LINCOLN, Neb. (DTN) -- EPA finalized biological evaluations for three common neonicotinoid insecticides on Thursday. The agency ruled that clothianidin, imidacloprid and thiamethoxam were "likely to adversely affect" thousands of endangered species and critical habitats.

"Because of these findings, EPA has initiated formal consultation with the U.S. Fish and Wildlife Service and the National Marine Fisheries Service," EPA said in a news release.

"EPA will be working with the services throughout the consultation process to clarify how the effects determinations included in the final BEs (biological evaluations) and comments received on the draft BEs can best inform the services' biological opinions."

These findings could result in additional changes to the labels of the three neonicotinoid insecticides, following the consultation with USFWS and National Marine Fisheries Service. Note that these findings don't guarantee that label or use changes need to be made to protect those species or habitats.

During that consultation, EPA said, the USFWS will develop biological opinions to include their official determinations of whether a pesticide is "likely to jeopardize each relevant listed species or adversely modify its critical habitat, and include any additional mitigation measures the services develop in coordination with EPA and stakeholders."

EPA said it would then implement any "necessary mitigation measures" to protect listed species, in collaboration with pesticide registrants.

EPA released a draft opinion in August 2021 announcing it at reached the conclusion finalized this week.

The products in question are imidacloprid (such as in Gaucho, from Bayer), clothianidin (such as in Poncho, from BASF) and thiamethoxam (such as in Cruiser, from Syngenta).

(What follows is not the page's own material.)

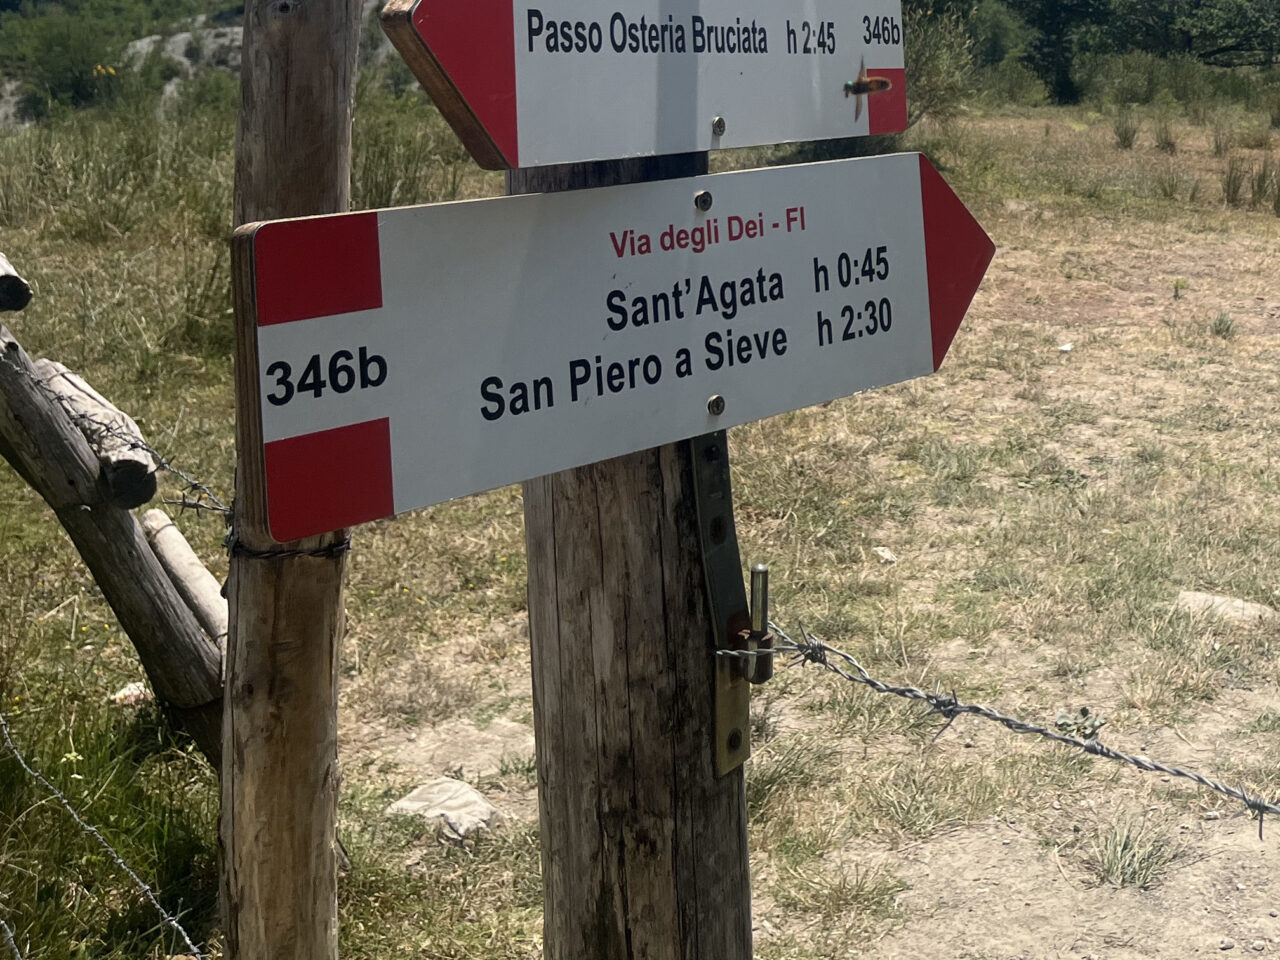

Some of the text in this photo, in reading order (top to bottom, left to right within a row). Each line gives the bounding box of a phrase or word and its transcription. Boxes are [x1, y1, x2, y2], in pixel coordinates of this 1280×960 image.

These insecticides are also available from other companies.

All three are common ingredients in corn, soybean, wheat or cottonseed treatments, among other agricultural uses. EPA had granted interim registration decisions for all three back in January 2020, but those registrations are not finalized until the agency has wrapped up these biological evaluations and decided if additional safety measures are required for their use.

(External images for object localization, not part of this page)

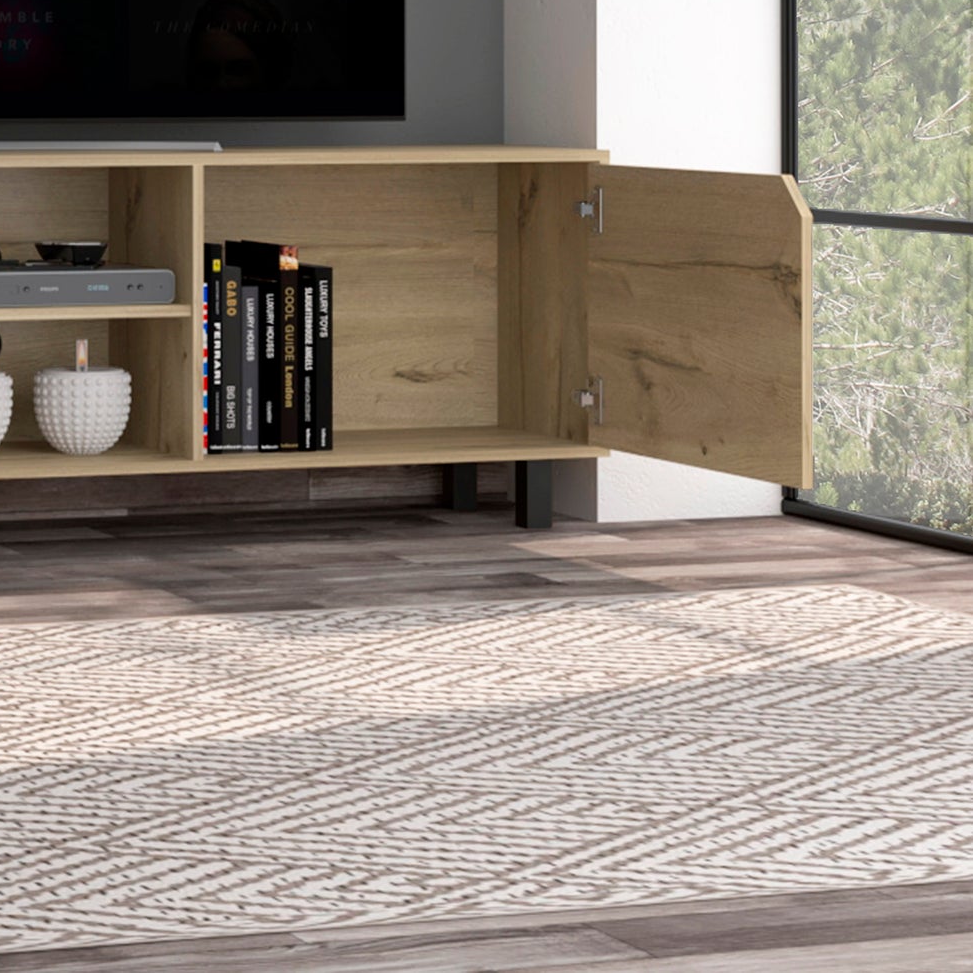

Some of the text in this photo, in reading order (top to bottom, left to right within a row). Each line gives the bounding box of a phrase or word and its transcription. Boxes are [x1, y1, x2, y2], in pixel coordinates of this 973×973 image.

[226, 280, 237, 316] GABO
[266, 293, 275, 359] LUXURY HOUSES
[319, 280, 328, 338] LUXURY TOYS
[213, 322, 221, 385] FERRARI
[246, 297, 255, 362] LUXURY HOUSES
[285, 287, 295, 408] COOL GUIDE London
[304, 346, 313, 371] ANGELS
[226, 385, 236, 429] BIG SHOTS

EPA's August 2021 findings did not change in Thursday's announcement.

The EPA found that all three neonicotinoids were "likely to adversely affect" the majority of the endangered species and critical habitats the agency considered, with imidacloprid putting the most at risk. Plants, insects and fish were among the most numerous species listed as threatened.

Here are the breakdowns:

-- Clothianidin: 1,225 endangered species, 67% of those considered and 446 critical habitats, 56% of those considered.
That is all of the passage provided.